Introduction: Computed tomography angiography (CTA) has been applied in imaging studies for the assessment of most abdominal and pelvic injuries in some trauma centers. However, in most institutions, CTA is not routinely performed as part of the computed tomography scan protocol. In this study, we aimed to assess the efficiency of CTA in the evaluation of patients with pelvic fractures.
Materials and methods: During the study period, patients with pelvic fracture were retrospectively analyzed. In addition to conventional computed tomography scanning that includes only the single venous phase, CTA with an additional arterial phase was used to obtain more information regarding vascular injuries. Further angiographic examination was performed in the patients with positive results in either the arterial or venous phase. The sensitivity and specificity of the multiphasic CTA images in the evaluation of active arterial hemorrhage were investigated. Furthermore, the results obtained for the arterial and venous phases were also combined to evaluate associated active arterial hemorrhage.

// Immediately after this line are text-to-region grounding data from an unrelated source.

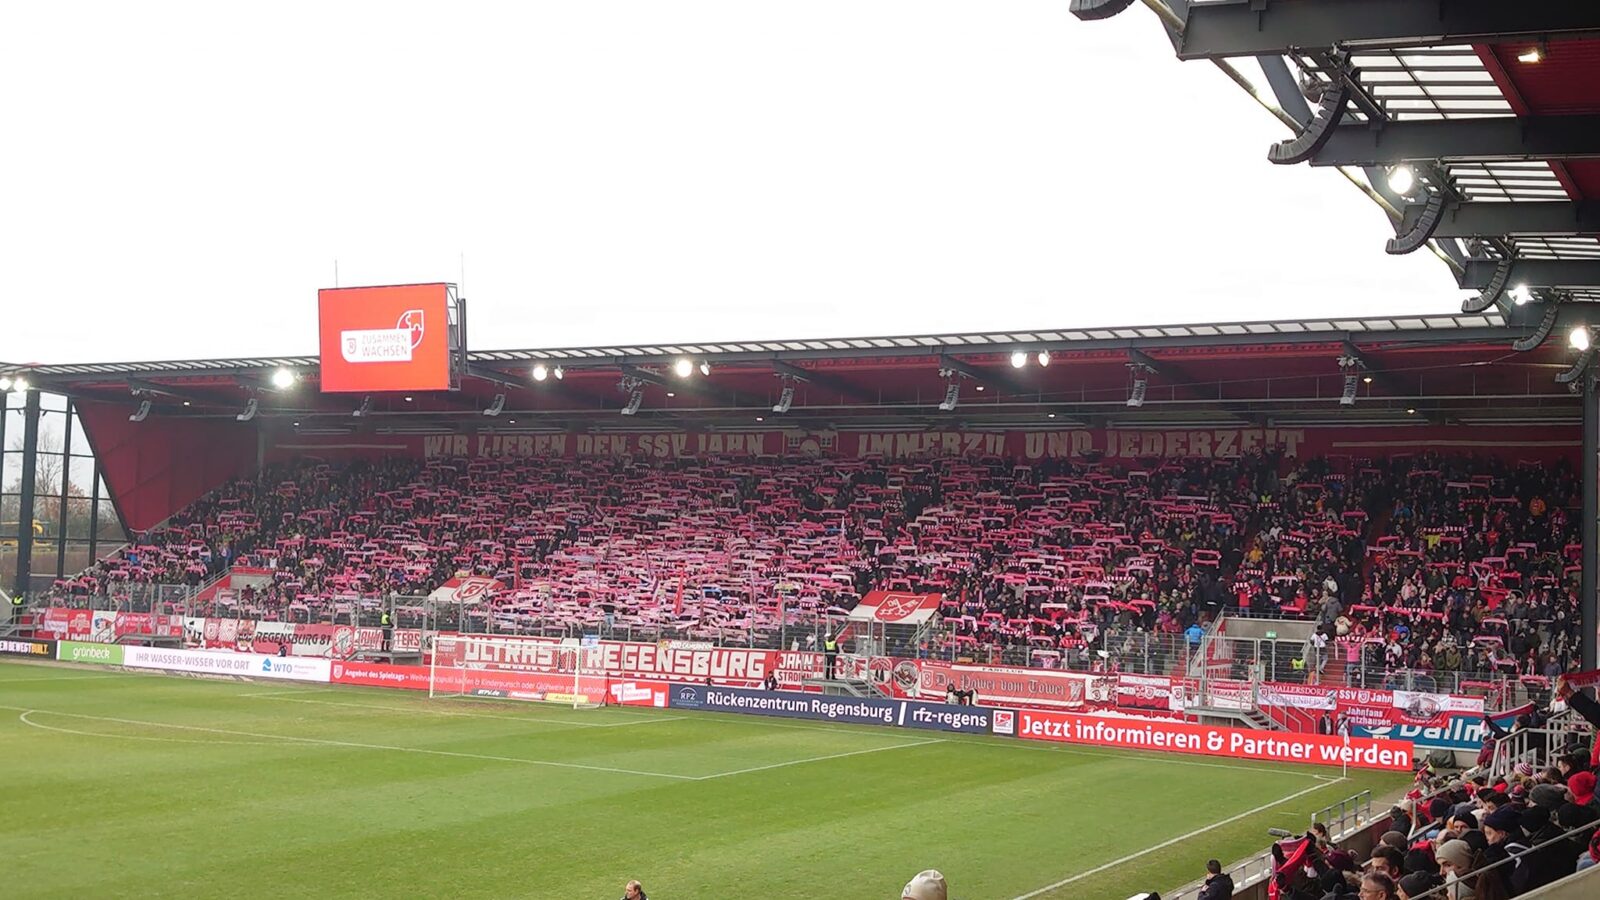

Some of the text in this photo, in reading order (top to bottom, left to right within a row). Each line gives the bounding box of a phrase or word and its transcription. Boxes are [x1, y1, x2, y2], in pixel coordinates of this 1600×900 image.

[362, 334, 407, 345] ZUSAMMEN
[361, 345, 408, 357] WACHSEN
[424, 434, 764, 457] WIR LIEBEN DEN SSV JAHN
[858, 430, 1304, 458] IMMERZU UND JEDERZEIT
[255, 631, 319, 646] REGENSBURG
[320, 634, 332, 645] 81
[73, 646, 110, 660] grünbeck
[136, 652, 250, 670] IHR WASSER-WISSER VOR ORT
[465, 637, 553, 665] ULTRAS
[586, 644, 766, 679] REGENSBURG
[779, 653, 813, 670] JAHN
[273, 663, 292, 673] WTO
[345, 669, 368, 679] Angebot
[379, 672, 404, 681] Spieltags
[1000, 678, 1024, 692] vom
[1028, 679, 1065, 695] Tower
[1339, 690, 1392, 703] SSV Jahn
[707, 691, 893, 722] Rückenzentrum Regensburg
[1346, 706, 1383, 718] Jahnfans
[912, 707, 988, 728] rfz-regens
[1022, 716, 1408, 767] Jetzt informieren & Partner werden

Results: A total of 144 patients with pelvic fractures who underwent CTA were enrolled in this study. Of these patients, 49 (34.0%) had active arterial hemorrhage. The sensitivities of the venous and arterial phase CTA images in the evaluation of active arterial hemorrhage were 100% (49/49) and 89.8% (44/49), respectively. Furthermore, all of the patients with positive results based on the arterial phase images were included in the group of patients with positive results based on the venous phase images. Although there were 4 patients without active arterial hemorrhage based on the angiographic examination, they still underwent embolization.
Conclusions: In the management of patients with pelvic fractures, CTA provides limited benefits in the evaluation of the active arterial hemorrhage. The additional arterial phase may be helpful for distinguishing between arterial and venous hemorrhage. However, this study showed that subsequent treatment was not changed.